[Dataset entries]
-*-*-
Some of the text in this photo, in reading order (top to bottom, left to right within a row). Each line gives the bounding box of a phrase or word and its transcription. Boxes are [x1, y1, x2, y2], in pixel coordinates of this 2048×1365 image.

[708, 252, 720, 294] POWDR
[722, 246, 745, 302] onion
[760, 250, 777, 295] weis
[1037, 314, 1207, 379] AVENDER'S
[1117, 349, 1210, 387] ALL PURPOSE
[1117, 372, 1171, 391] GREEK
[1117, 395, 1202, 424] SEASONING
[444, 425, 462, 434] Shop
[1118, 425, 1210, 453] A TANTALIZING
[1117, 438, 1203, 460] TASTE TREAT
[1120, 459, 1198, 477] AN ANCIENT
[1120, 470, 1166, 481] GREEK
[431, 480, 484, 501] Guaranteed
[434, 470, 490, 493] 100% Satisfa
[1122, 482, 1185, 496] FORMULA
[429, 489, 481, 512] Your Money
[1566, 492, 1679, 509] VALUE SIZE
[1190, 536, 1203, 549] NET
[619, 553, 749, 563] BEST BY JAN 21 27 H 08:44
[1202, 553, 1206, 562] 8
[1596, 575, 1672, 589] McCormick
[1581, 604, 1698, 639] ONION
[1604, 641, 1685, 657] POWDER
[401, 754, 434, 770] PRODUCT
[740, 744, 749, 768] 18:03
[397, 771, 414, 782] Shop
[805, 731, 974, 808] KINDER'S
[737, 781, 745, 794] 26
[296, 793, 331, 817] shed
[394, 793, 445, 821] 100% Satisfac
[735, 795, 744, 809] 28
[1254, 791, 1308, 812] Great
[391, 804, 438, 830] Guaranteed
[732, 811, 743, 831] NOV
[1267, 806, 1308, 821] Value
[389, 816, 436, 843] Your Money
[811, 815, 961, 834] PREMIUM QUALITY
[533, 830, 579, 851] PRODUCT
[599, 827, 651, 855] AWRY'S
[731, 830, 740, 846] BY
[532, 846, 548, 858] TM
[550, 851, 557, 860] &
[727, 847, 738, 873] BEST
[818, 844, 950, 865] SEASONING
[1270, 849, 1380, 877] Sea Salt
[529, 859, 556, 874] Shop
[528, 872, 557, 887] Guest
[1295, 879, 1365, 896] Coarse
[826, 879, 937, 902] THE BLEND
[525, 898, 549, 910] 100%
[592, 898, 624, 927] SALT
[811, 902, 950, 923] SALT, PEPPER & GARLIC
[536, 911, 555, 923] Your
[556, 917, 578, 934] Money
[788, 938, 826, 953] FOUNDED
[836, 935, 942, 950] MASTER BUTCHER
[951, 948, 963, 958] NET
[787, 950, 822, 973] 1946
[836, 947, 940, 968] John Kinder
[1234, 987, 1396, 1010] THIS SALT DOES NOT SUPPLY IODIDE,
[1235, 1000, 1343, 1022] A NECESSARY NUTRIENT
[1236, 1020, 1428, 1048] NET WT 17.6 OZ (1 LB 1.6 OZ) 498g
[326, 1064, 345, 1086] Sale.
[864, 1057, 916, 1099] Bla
-*-*-
| Task statement |
For the word "Your", return every line of the records that holds it.

| Expected answer |
[429, 489, 481, 512] Your Money
[389, 816, 436, 843] Your Money
[536, 911, 555, 923] Your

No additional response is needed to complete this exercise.